Quelle: Real Investment Advice

  • “Throughout history, there have been numerous financial events which have devastated investors. The major ones are marked indelibly in our financial history: The Crash Of 1929, The Crash Of 1974, Black Monday (1987), The Dot.Com Crash, and the The Financial Crisis.” – bto: Und alle hatten ihre Ursache in zu viel Leverage, wobei es wohl noch nie so schlimm war, wie heute.
  • Mean reverting events, bear markets, and financial crisis, are all the result of a combined set of ingredients to which a catalyst was applied. Looking back through history we find similar ingredients each and every time.” – bto: Und die schauen wir uns jetzt an:


  • “Throughout the entire monetary ecosystem, there is a consensus that debt doesn’t matter as long as interest rates remain low. Of course, the ultra-low interest rate policy administered by the Federal Reserve is responsible for the yield chaseand has fostered a massive surge in debt in the U.S. since the financial crisis. bto: klar, solange Geld billig bleibt. Wobei selbst da aufgrund des abnehmenden Grenznutzens die Risiken zunehmen, sodass es auch ohne Verteuerung des Geldes problematisch wird.

Quelle: Real Investment Advice


  • “(…) high valuations are also inert as long as everything asset prices are rising. In fact, rising valuations supports the bullish thesis as higher valuations represent a rising optimism about future growth. In other words, investors are willing to pay up today for expected further growth.” – bto: Aktien waren nur 1999 richtig viel teurer.
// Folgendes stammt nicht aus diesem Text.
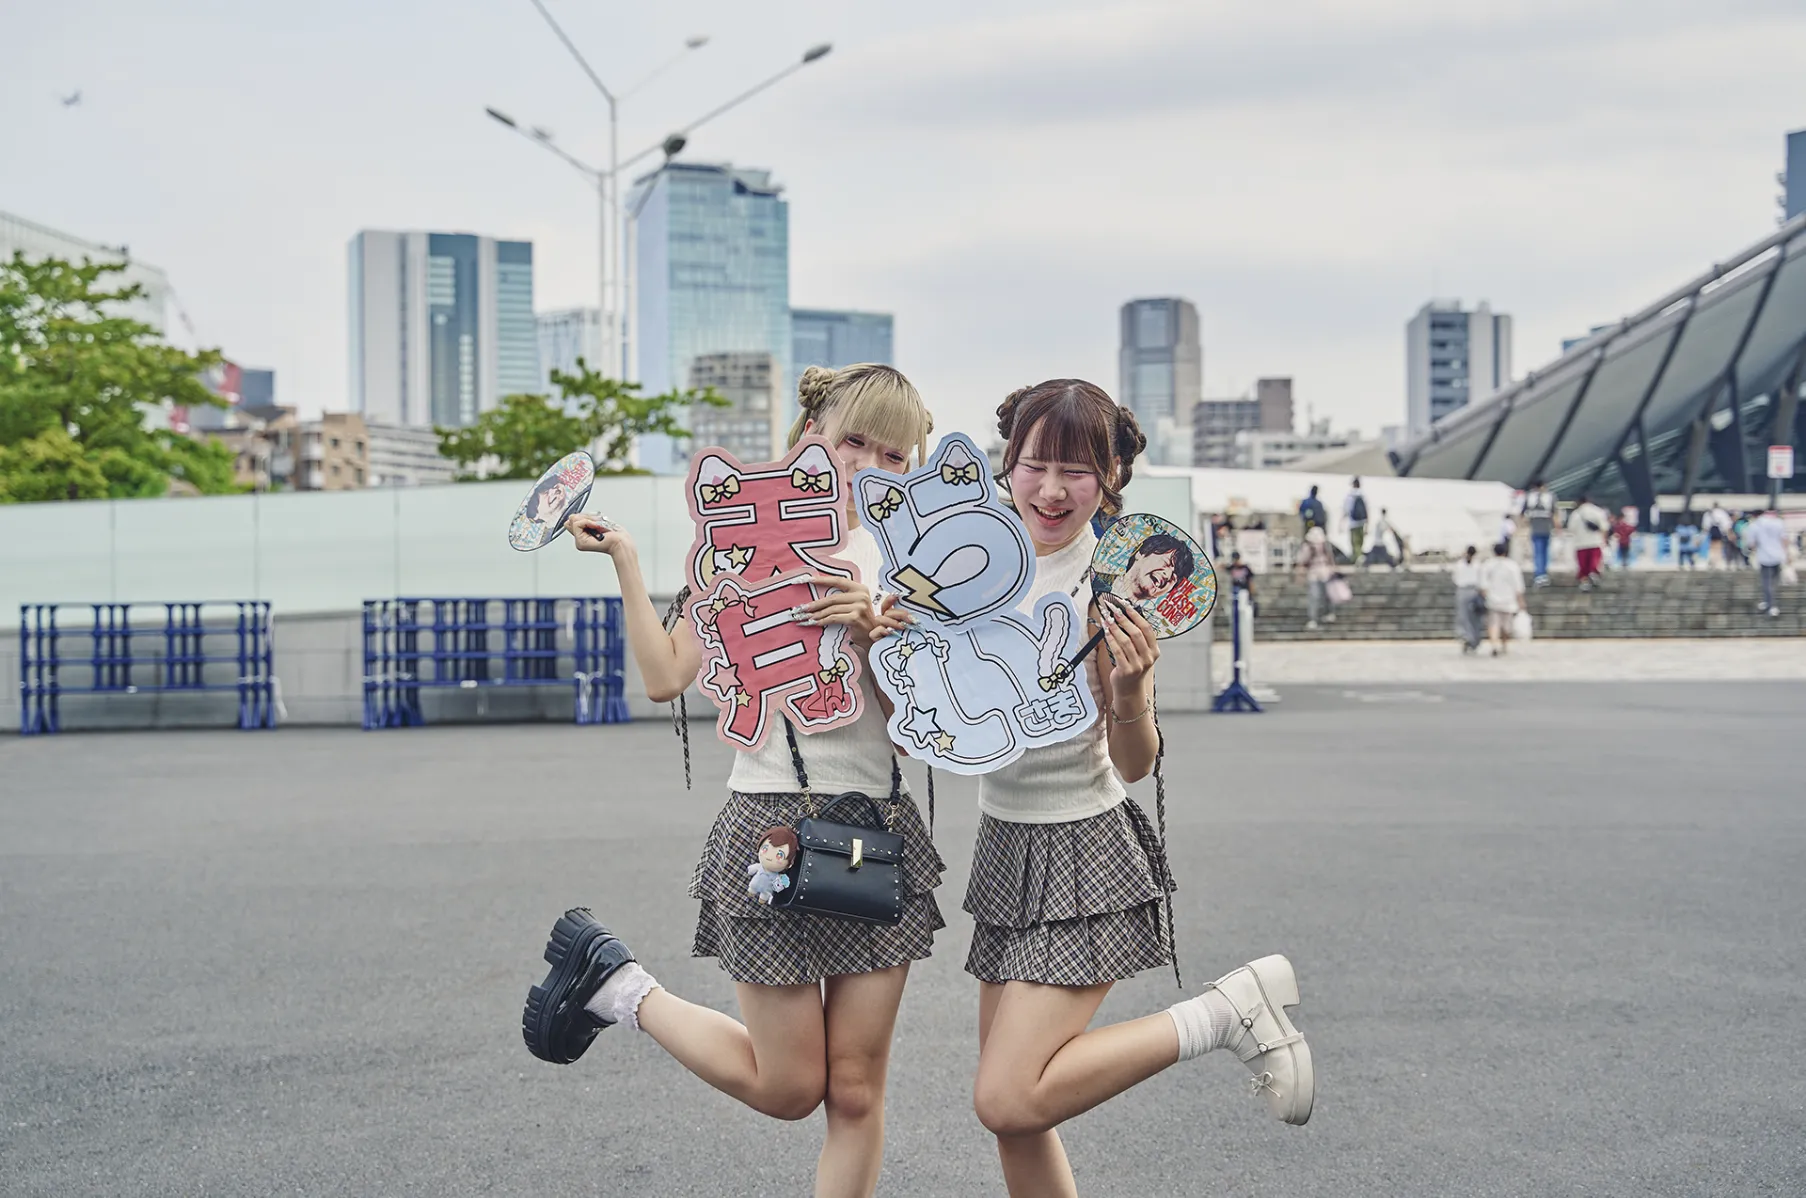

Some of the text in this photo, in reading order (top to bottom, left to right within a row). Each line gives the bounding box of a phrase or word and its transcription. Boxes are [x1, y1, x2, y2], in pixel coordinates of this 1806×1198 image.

Quelle: Real Investment Advice

  • “While valuations are a horrible timing indicator for managing a portfolio in the short-term, valuations are the great predictor of future investment returns over the long-term.” – bto: So ist es!


  • “(…) one of the critical drivers of the financial markets in the short-term is investor psychology. As asset prices rise, investors become increasingly confident and are willing to commit increasing levels of capital to risk assets. The chart below shows the level of assets dedicated to cash, bear market funds, and bull market funds. Currently, the level of bullish optimism as represented by investor allocations is at the highest level on record.” – bto: was bei mir als prinzipiell konträr denkendem Menschen natürlich eher zur Vorsicht führt.

Quelle: Real Investment Advice


  • “Of course, the key ingredient is ownership. High valuations, bullish sentiment, and leverage are completely meaningless if there is no ownership of the underlying equities.” – bto: Relativ zum verfügbaren Einkommen halten Privathaushalte viel Vermögen in Aktien.

Quelle: Real Investment Advice


  • “As prices rice, demand for rising assets also rises which creates a further demand on a limited supply of assets increasing prices of those assets at a faster pace. Rising momentum is supportive of higher asset prices in the short-term. The chart below shows the real price of the S&P 500 index versus its long-term bollinger-bands, valuations, relative-strength, and its deviation above the 3-year moving average. The red vertical lines show where the peaks in these measures were historically located.” – bto: Wir sind also am oberen Ende.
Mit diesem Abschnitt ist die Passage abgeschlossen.